** Opening Data in this exercise block **

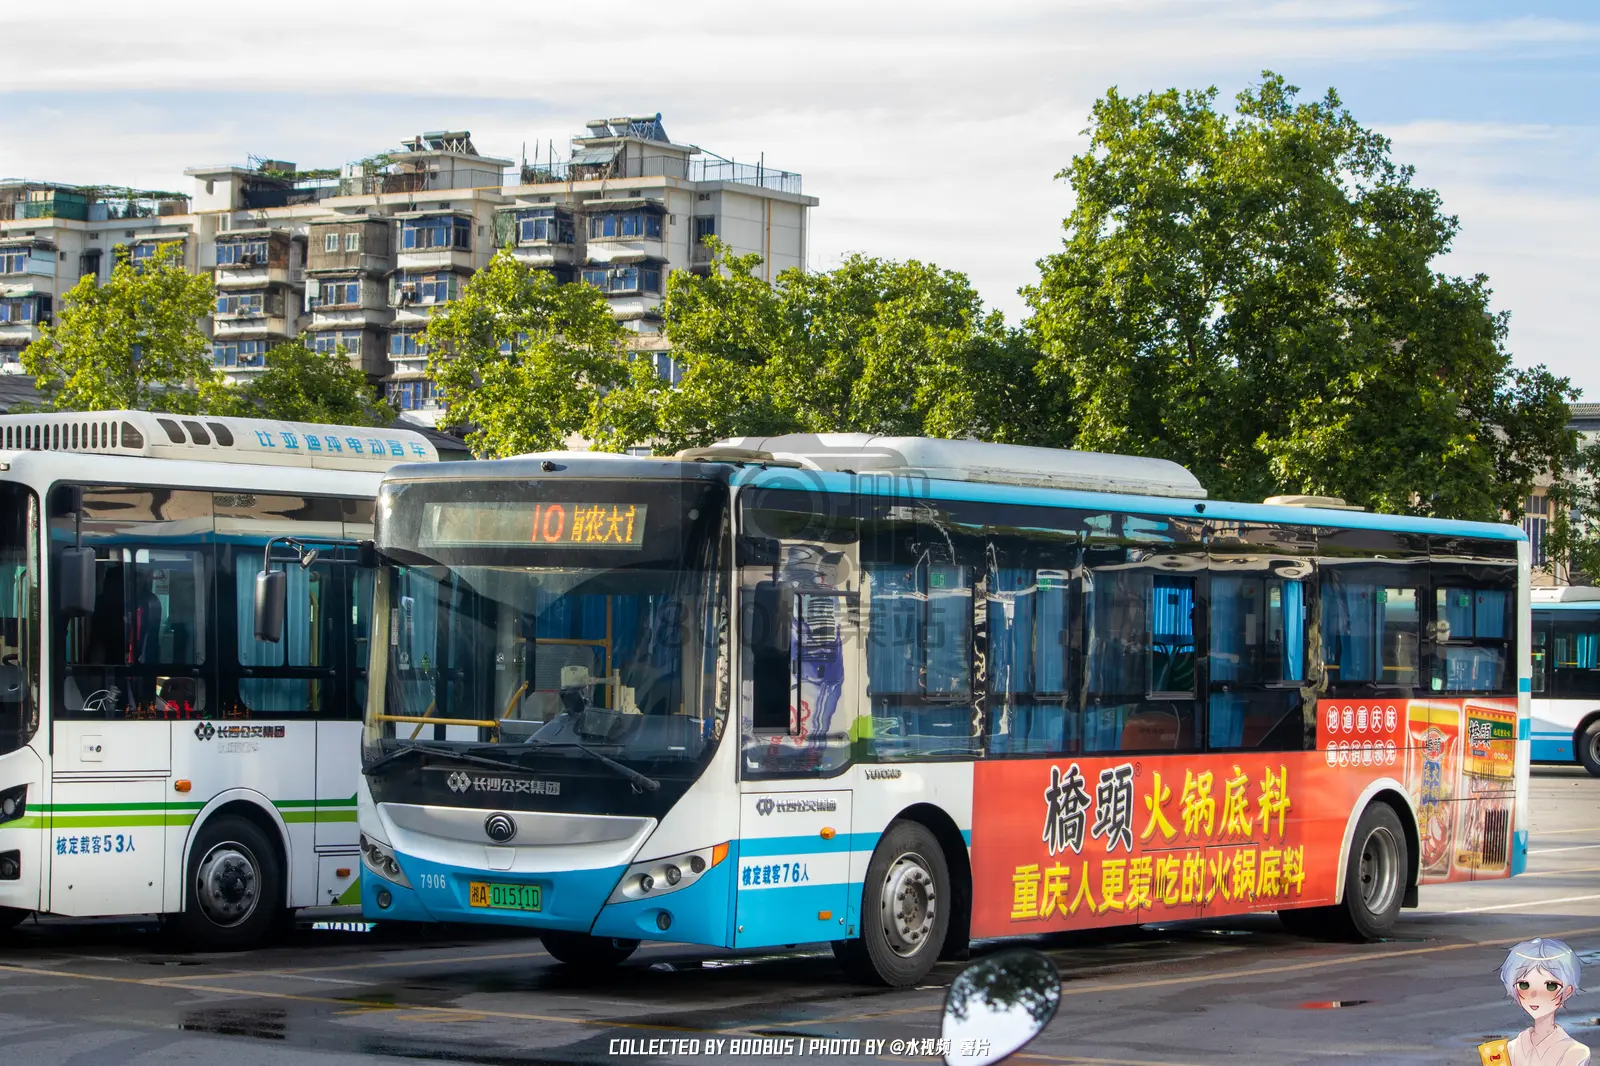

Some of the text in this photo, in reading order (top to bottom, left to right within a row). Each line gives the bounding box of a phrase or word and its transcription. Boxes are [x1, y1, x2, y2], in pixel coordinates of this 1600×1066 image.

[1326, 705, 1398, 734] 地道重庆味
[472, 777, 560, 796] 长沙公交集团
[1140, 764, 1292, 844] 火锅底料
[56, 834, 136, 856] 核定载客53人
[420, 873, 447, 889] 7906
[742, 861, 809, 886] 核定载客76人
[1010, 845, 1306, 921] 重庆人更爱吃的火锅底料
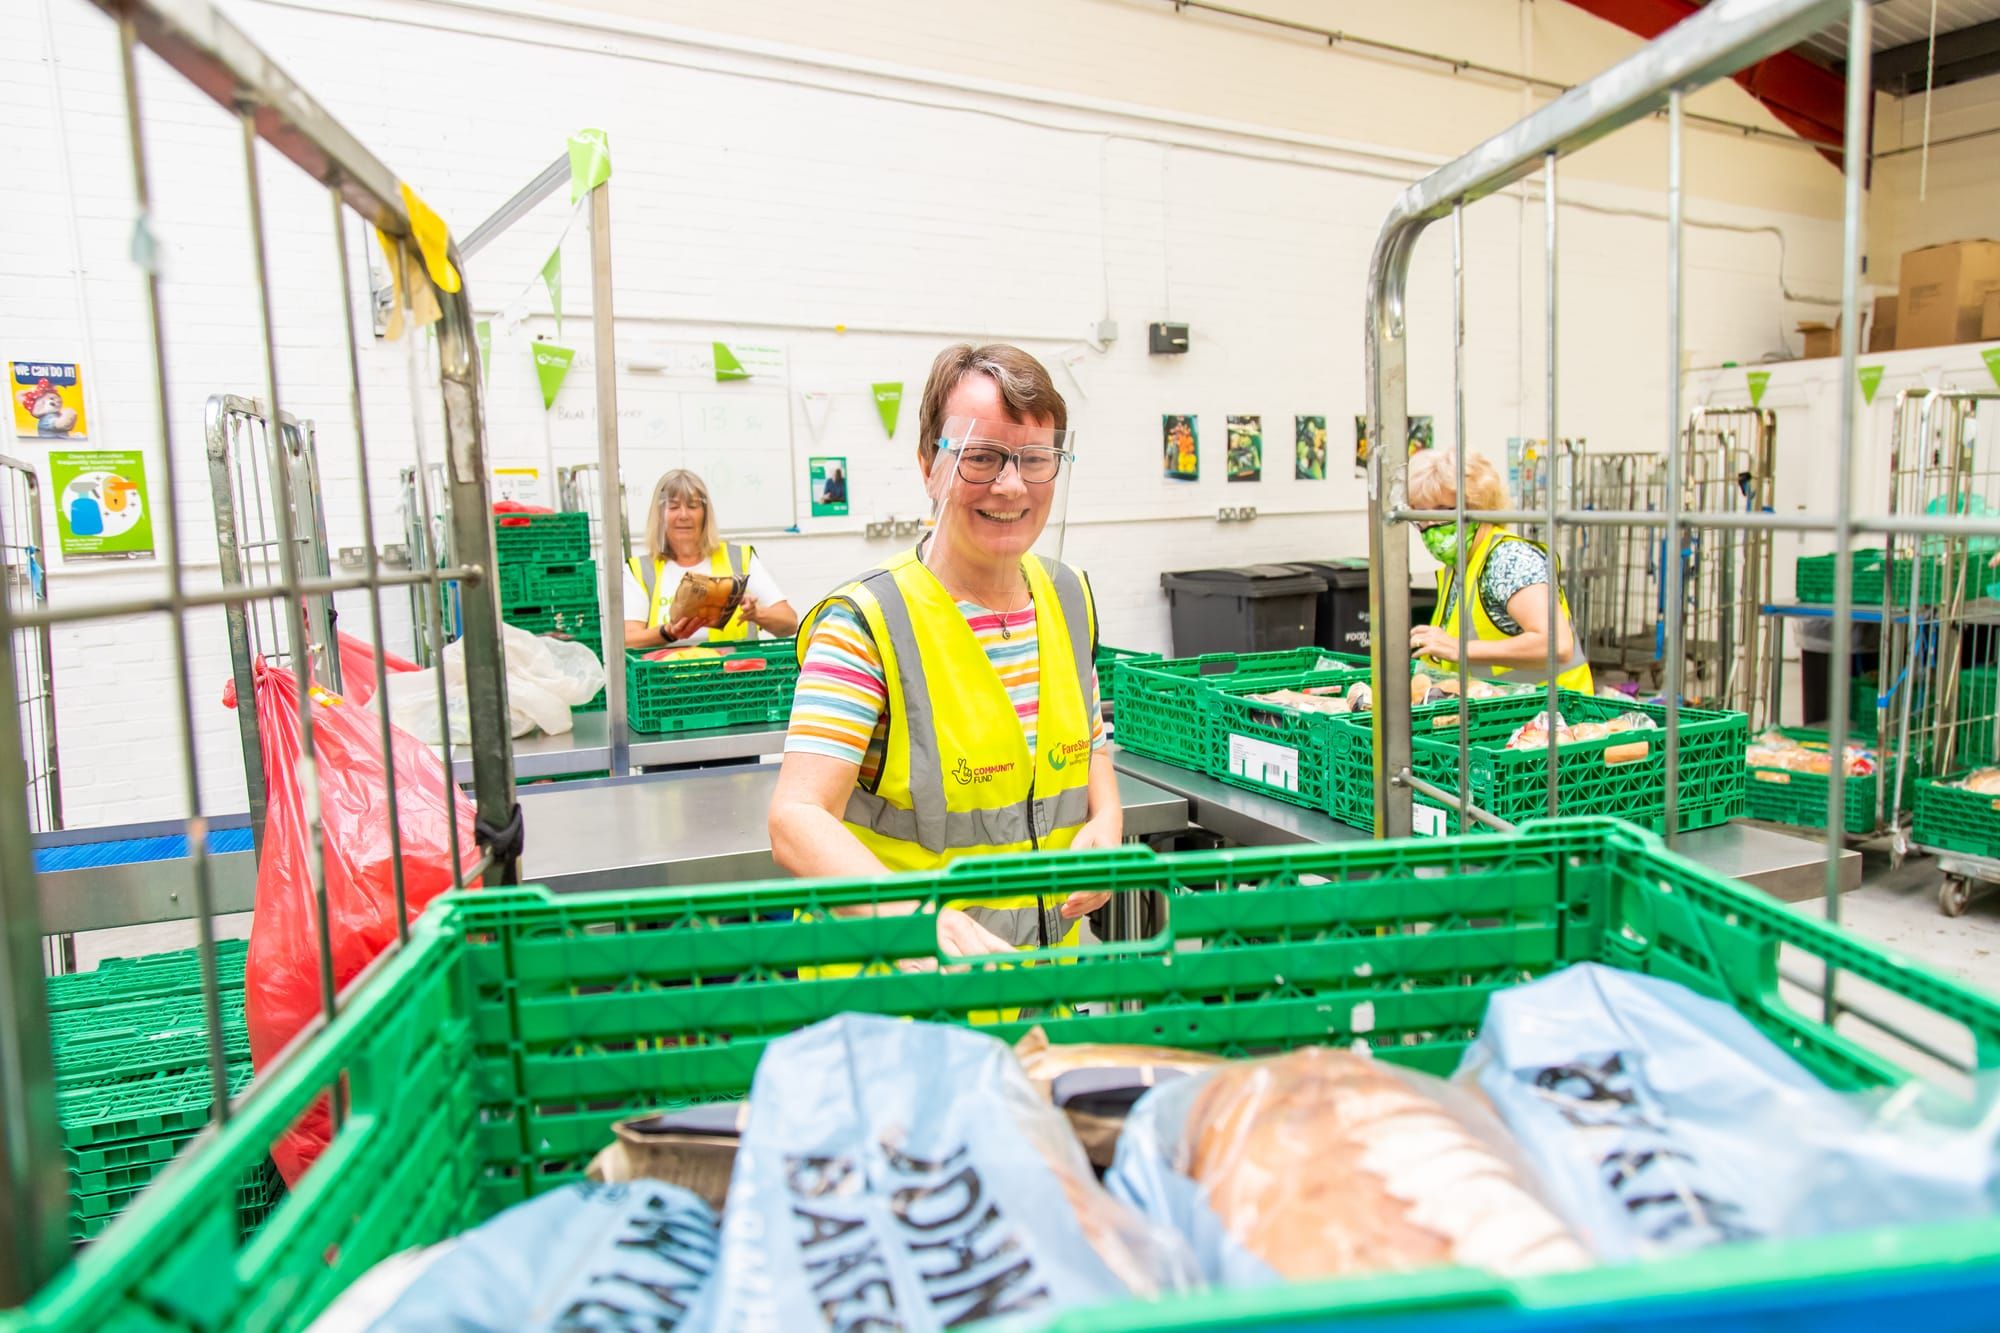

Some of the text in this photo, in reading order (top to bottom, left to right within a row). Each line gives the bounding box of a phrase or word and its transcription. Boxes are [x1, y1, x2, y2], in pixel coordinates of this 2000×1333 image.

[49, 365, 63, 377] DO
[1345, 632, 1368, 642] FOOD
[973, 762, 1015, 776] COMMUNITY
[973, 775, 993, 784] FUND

** Closing Data in this exercise block **

• [Exercise objective] After locating the line that contains "this 2000×1333 image.", output it and the remaining lines of the material above, exactly as they read.

• [Solution for this exercise]
Some of the text in this photo, in reading order (top to bottom, left to right within a row). Each line gives the bounding box of a phrase or word and its transcription. Boxes are [x1, y1, x2, y2], in pixel coordinates of this 2000×1333 image.

[49, 365, 63, 377] DO
[1345, 632, 1368, 642] FOOD
[973, 762, 1015, 776] COMMUNITY
[973, 775, 993, 784] FUND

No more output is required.